- **WHAT IS NEEDED**:
All of the data should be output character for character, except the pictures.

■ ■ ■ ■

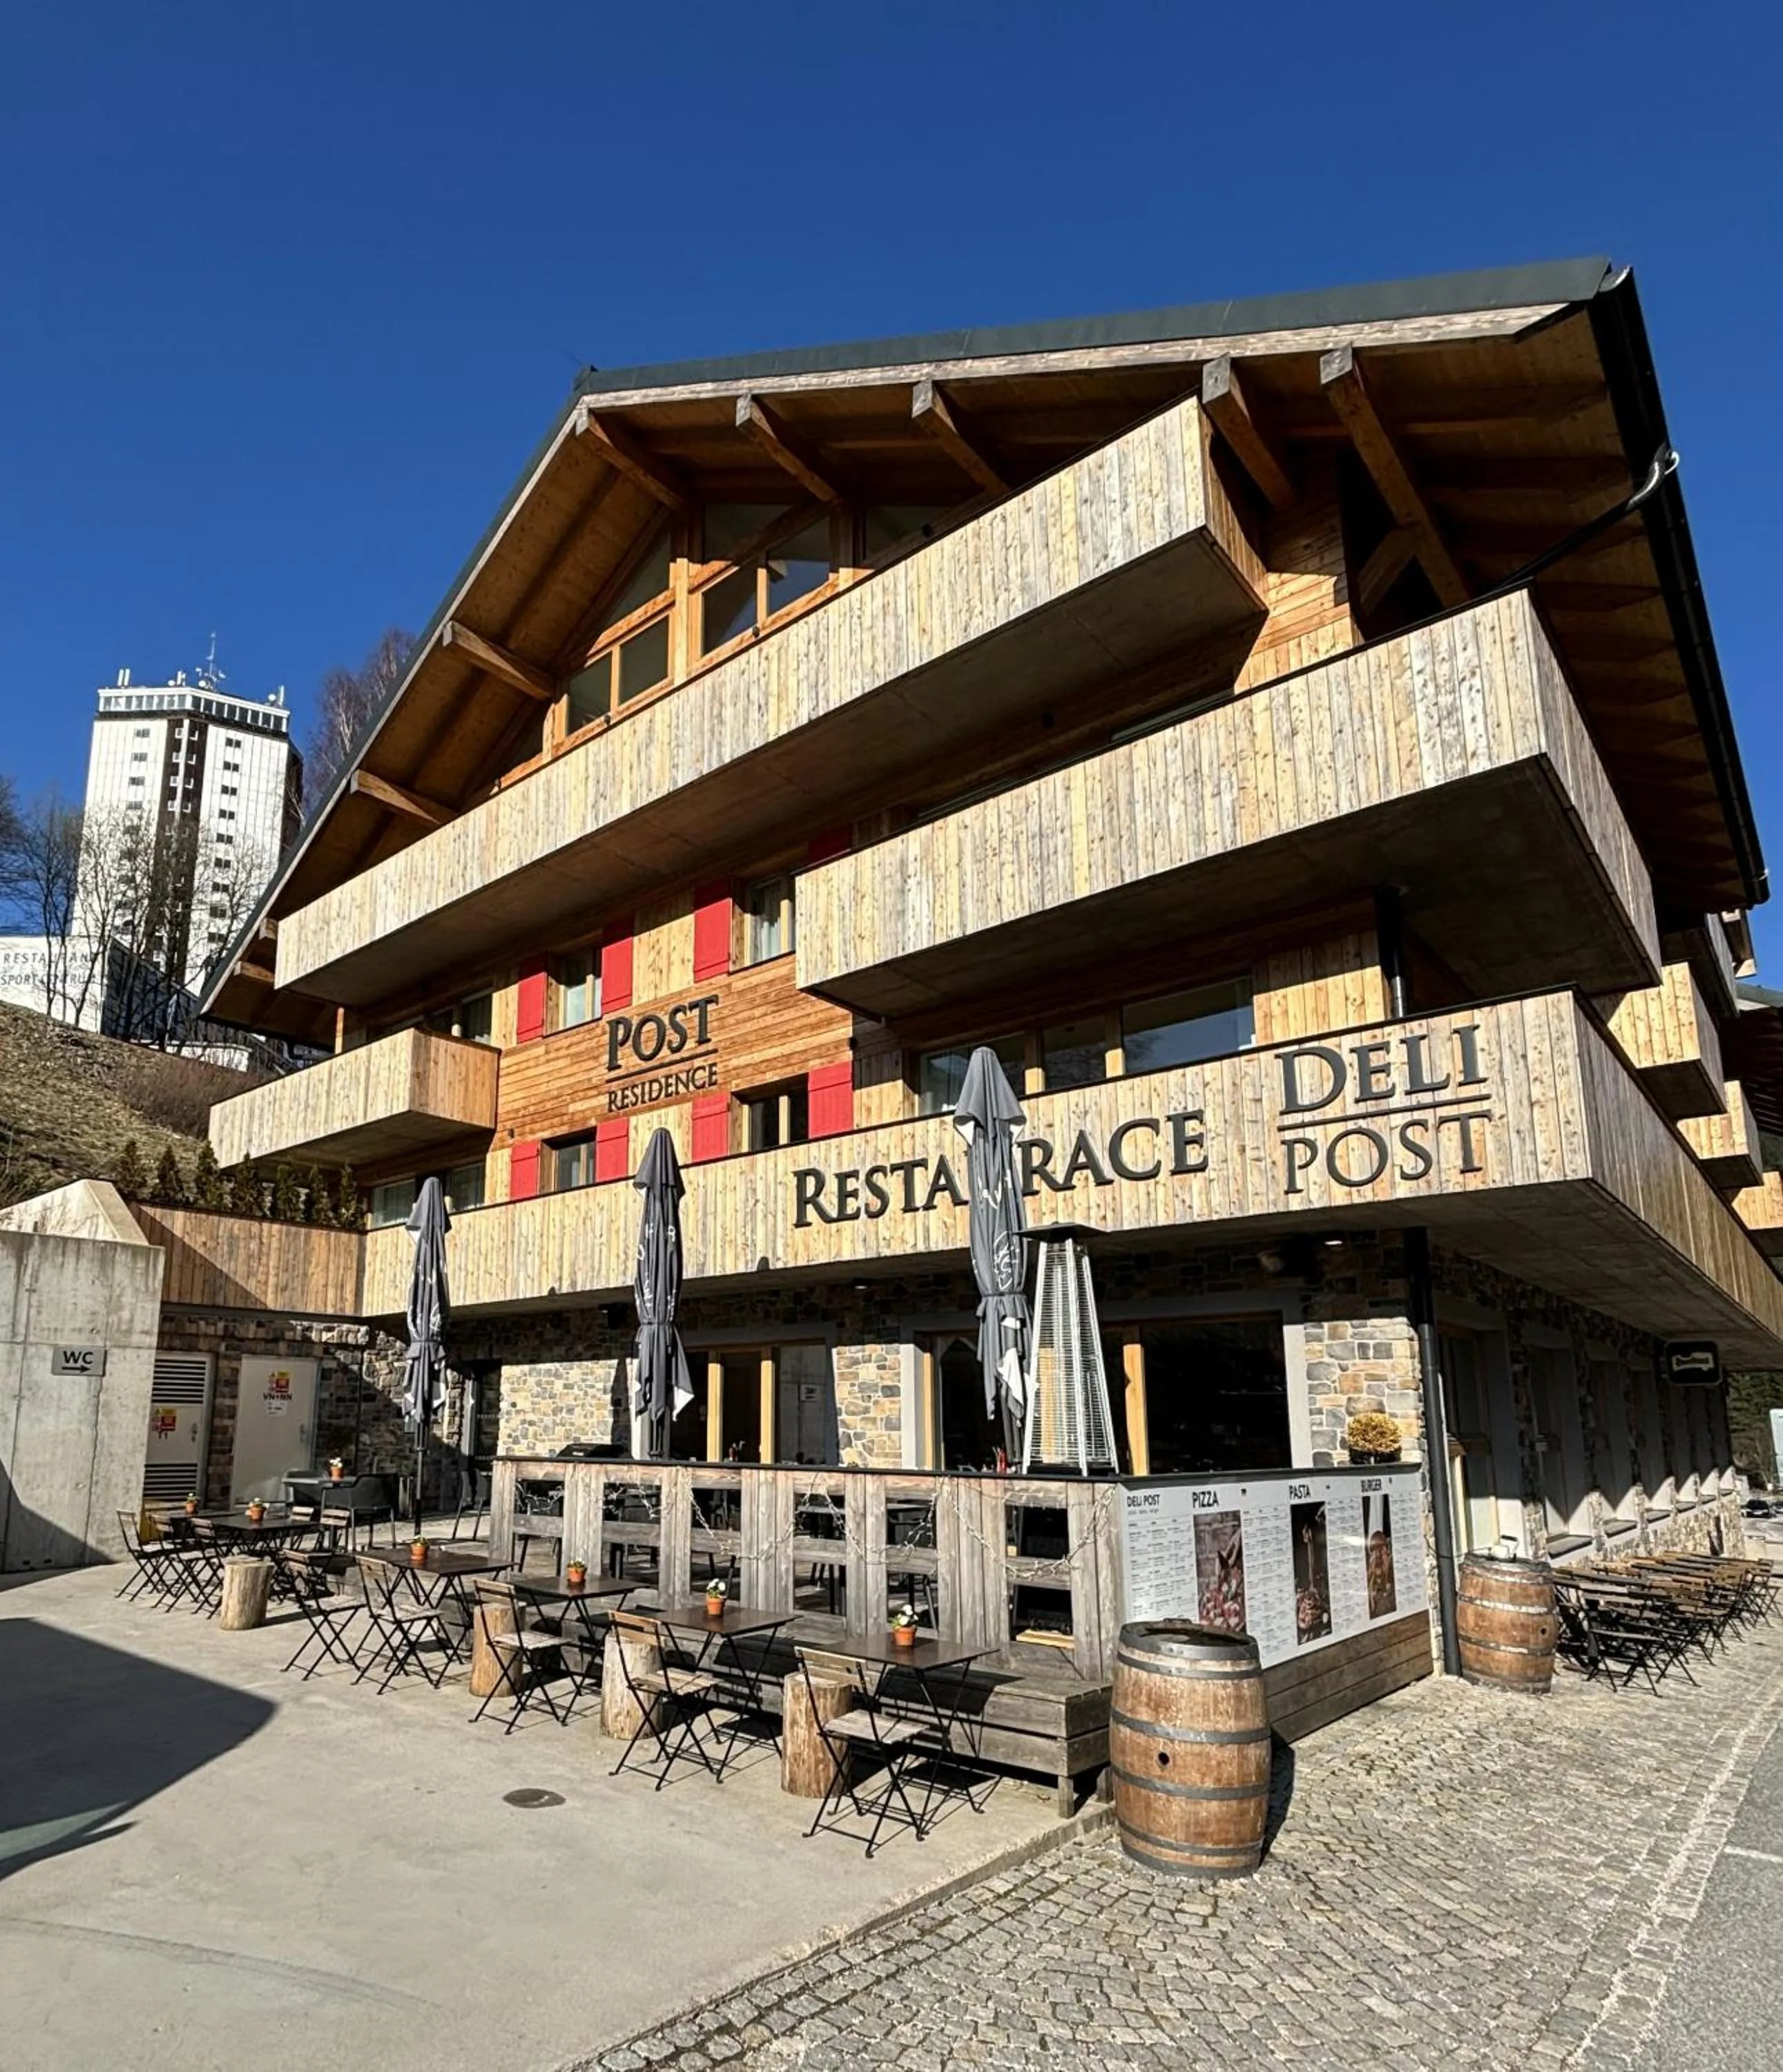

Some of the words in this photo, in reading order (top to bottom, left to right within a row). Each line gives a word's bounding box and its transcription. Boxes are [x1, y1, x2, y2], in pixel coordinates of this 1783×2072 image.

[606, 994, 719, 1071] POST
[607, 1062, 718, 1113] RESIDENCE
[1274, 1024, 1489, 1116] DELI
[791, 1109, 1209, 1228] RESTARACE
[1280, 1109, 1492, 1196] POST
[63, 1350, 94, 1365] WC
[1143, 1493, 1161, 1507] POST
[1193, 1490, 1219, 1508] PIZZA
[1289, 1484, 1311, 1500] PASTA

■ ■ ■ ■

- **EXPECTED ANSWER**:
Some of the words in this photo, in reading order (top to bottom, left to right within a row). Each line gives a word's bounding box and its transcription. Boxes are [x1, y1, x2, y2], in pixel coordinates of this 1783×2072 image.

[606, 994, 719, 1071] POST
[607, 1062, 718, 1113] RESIDENCE
[1274, 1024, 1489, 1116] DELI
[791, 1109, 1209, 1228] RESTARACE
[1280, 1109, 1492, 1196] POST
[63, 1350, 94, 1365] WC
[1143, 1493, 1161, 1507] POST
[1193, 1490, 1219, 1508] PIZZA
[1289, 1484, 1311, 1500] PASTA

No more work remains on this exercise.